-- REQUIREMENT --
The records that follow are to be transcribed in full, without their images.

***** DATA SUPPLIED

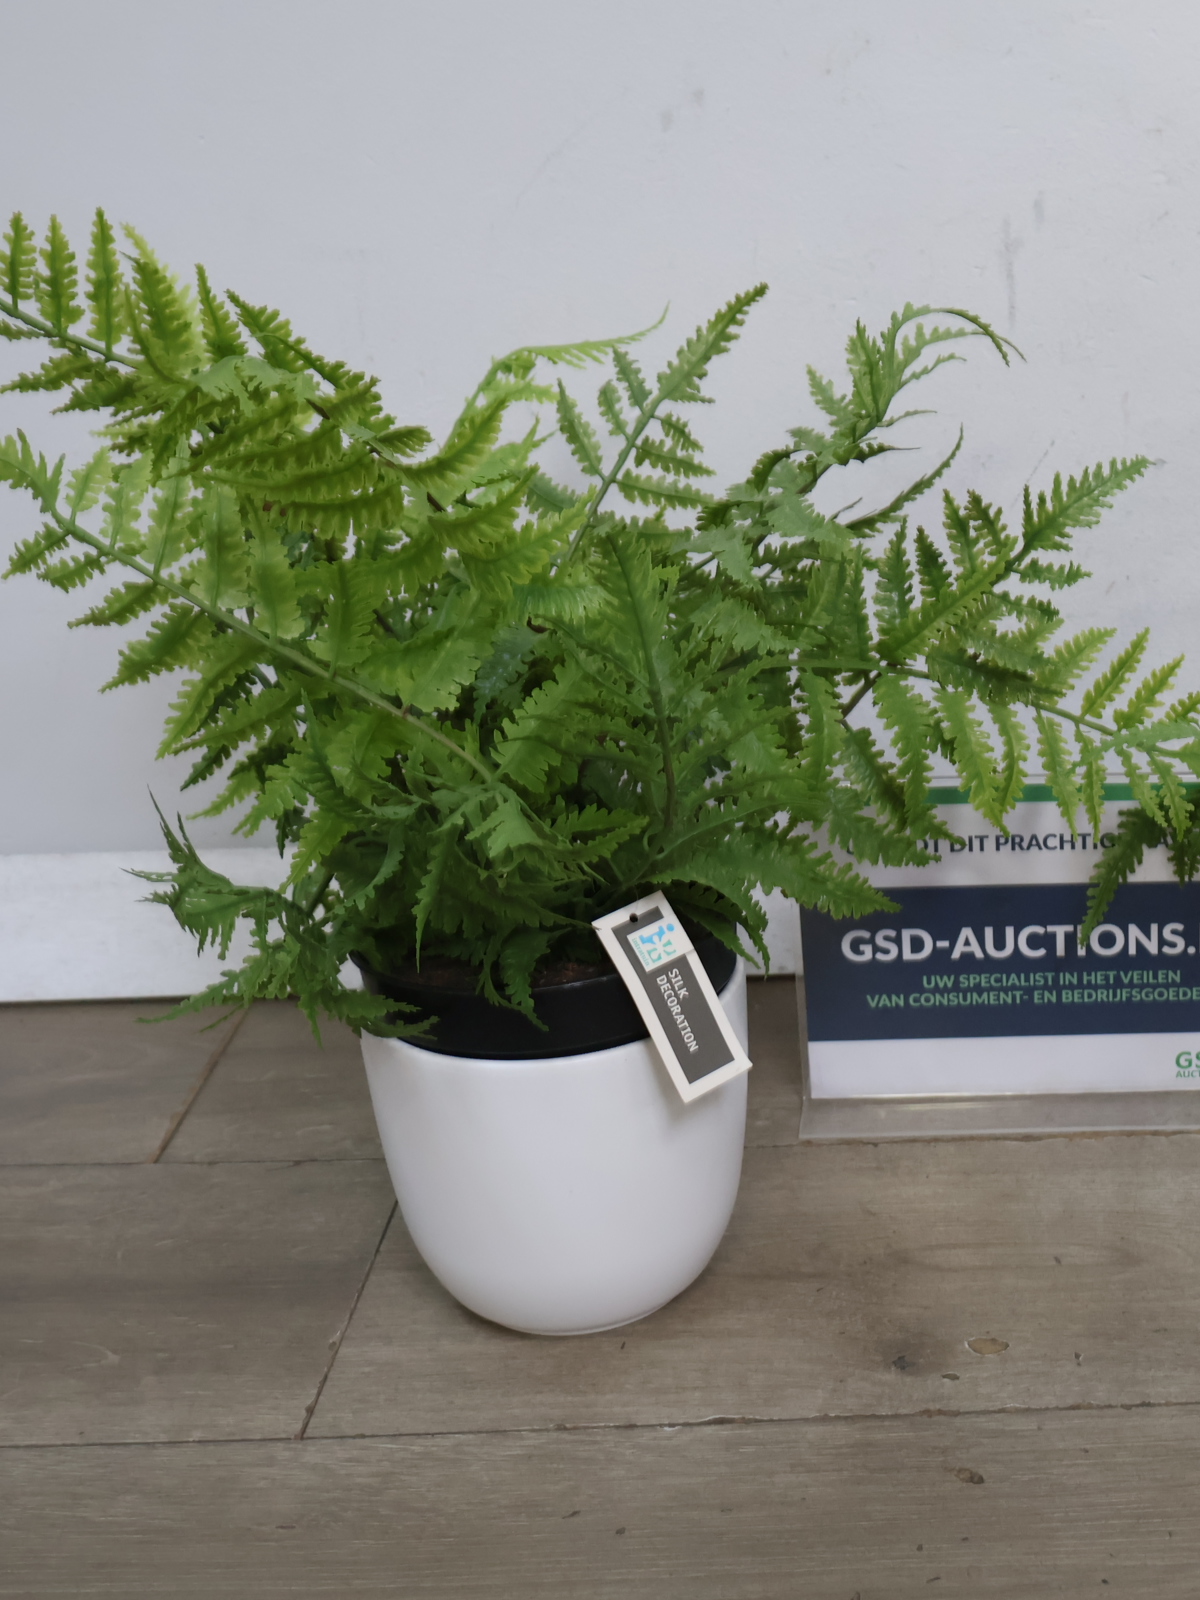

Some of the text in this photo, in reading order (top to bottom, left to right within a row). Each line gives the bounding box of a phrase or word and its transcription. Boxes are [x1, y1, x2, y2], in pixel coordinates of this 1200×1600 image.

[950, 835, 989, 852] DIT
[668, 967, 689, 1000] SILK
[923, 970, 1181, 988] UW SPECIALIST IN HET VEILEN
[867, 994, 904, 1007] VAN
[909, 991, 1029, 1007] CONSUMENT-
[1033, 990, 1057, 1004] EN
[656, 974, 699, 1053] DECORATION

**********

-- TASK RESULT --
Some of the text in this photo, in reading order (top to bottom, left to right within a row). Each line gives the bounding box of a phrase or word and its transcription. Boxes are [x1, y1, x2, y2], in pixel coordinates of this 1200×1600 image.

[950, 835, 989, 852] DIT
[668, 967, 689, 1000] SILK
[923, 970, 1181, 988] UW SPECIALIST IN HET VEILEN
[867, 994, 904, 1007] VAN
[909, 991, 1029, 1007] CONSUMENT-
[1033, 990, 1057, 1004] EN
[656, 974, 699, 1053] DECORATION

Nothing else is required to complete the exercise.